Friday, August 01, 2003

7/18/03
Giddy Up Oom Poppa Oom Poppa Mow Mow

I'm not sure I remember the last time this song came on my mp3 sequence, but I do get a silly kick out of it whenever I do hear it.

Due to lack of any other ideas, I present a goofy cover re:Lois Lane. Why didn't Lois wear fishnets and minis more often?


Well, Netscape has long been behind and non-compliant, and AOL is giving up development on it. It's sad, because I liked the competition it gave IE in the 90s, but it's only been a thorn in the side of developers in recent years. Perhaps the folks at Mozilla will do a better job of keeping up.

Jump Through Hoops: New Presidential Email System

Under a system deployed on the White House Web site for the first time last week, those who want to send a message to President Bush must now navigate as many as nine Web pages and fill out a detailed form that starts by asking whether the message sender supports White House policy or differs with it.

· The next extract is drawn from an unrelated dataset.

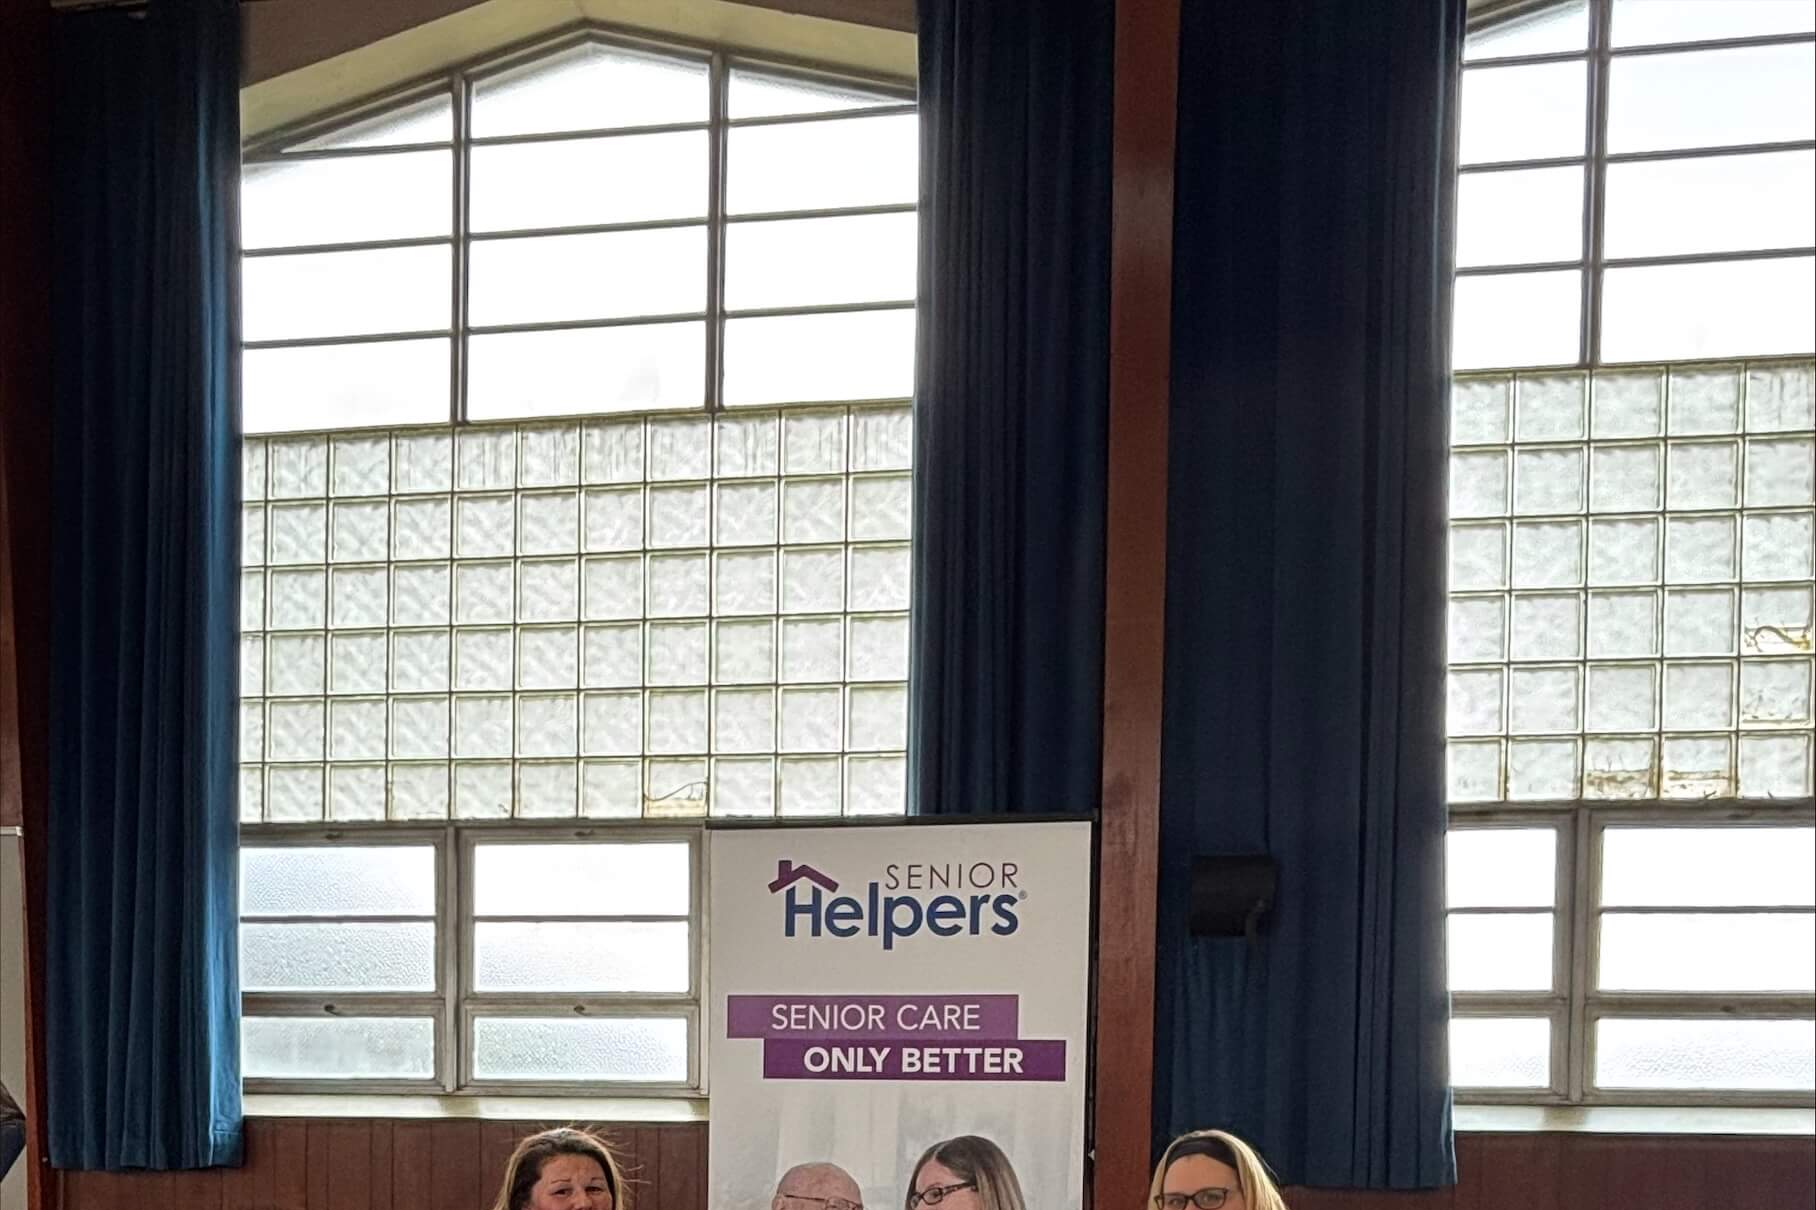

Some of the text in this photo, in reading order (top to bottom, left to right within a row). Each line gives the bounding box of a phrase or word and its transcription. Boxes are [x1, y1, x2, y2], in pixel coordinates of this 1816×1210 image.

[885, 862, 1019, 890] SENIOR
[771, 1003, 982, 1031] SENIOR CARE
[803, 1046, 1025, 1075] ONLY BETTER

The White House says the new e-mail system, at www.whitehouse.gov/webmail, is an effort to be more responsive to the public and offer the administration "real time" access to citizen comments.

Completing a message to the president also requires choosing a subject from the provided list, then entering a full name, organization, address and e-mail address. Once the message is sent, the writer must wait for an automated response to the e-mail address listed, asking whether the addressee intended to send the message. The message is delivered to the White House only after the person using that e-mail address confirms it.

Jimmy Orr, a White House spokesman, described the system as an "enhancement" intended to improve communications. He called it a "work in progress," and advised members of the public who had sensitive or personal matters to bring up with President Bush to use traditional methods of communications, like a letter on paper, a fax or a phone call


Someone from a chicago dial-up posted to an older entry of mine, one from september 2000. I'm wondering which index drew them to the "lower-case n" song. It's pretty cool that folks can mine those past elements.

I used my holy water on a guy that robbed me in the vampire game today (Want to play?), and the guy shrugged it off like it was dandruff! Blast and tarnation!

1 year ago - princess sultanas circle, hug meme, joy machine, angry corn ghosts burn police cars, hydrogen fuel cars, got tested for diabetes (none here!), baseball bat poll, Bush & Women's rights, spooky patent office logo

2 years ago - evil news, arriviste, clochard & myopic, gilligan's lessons, contraception myths, Leisa's 2 months pregnant, zeppelins, tuckin thoughts

3 years ago xanadu, sleep study prep, name meaning

Someone who removed me from their reading list apparently was really worried I'd be mad at them because they weren't reading me anymore. I really don't mind when folks come and go...I'm really callous about it.. if I'm not into what I'm reading (or if I get a signal that they just up and abandoned the log), I remove 'em. I figure they'll understand that's what's going on. If I look in and see that they're posting stuff I want to read later on, I'll add 'em back.

When I add someone, I don't expect them to add me back as a matter of course. The same goes when they delete me... I won't drop them, unless it's a totally privatized journal that I can't read anyhow.

going down my list, it looks like that of the 19 invite codes that I've passed out, 8 have been deleted or abandoned. Not a bad ratio, I think.

This announcement brought to you by...Pepsodent!
Yellow-B-Gone!

My teeth aren't new, but my toothpaste is.
The new Pepsodent, get with it, kids!
New package! New flavor! New formula too!
Means brighter smile for me and you!


You'll wonder where the yellow went when you brush your teeth with Pepsodent!


Man, it's a shame animated gifs are so size-crazy. maybe one day, when we all have super-duper-uber bandwidth, it'll be better.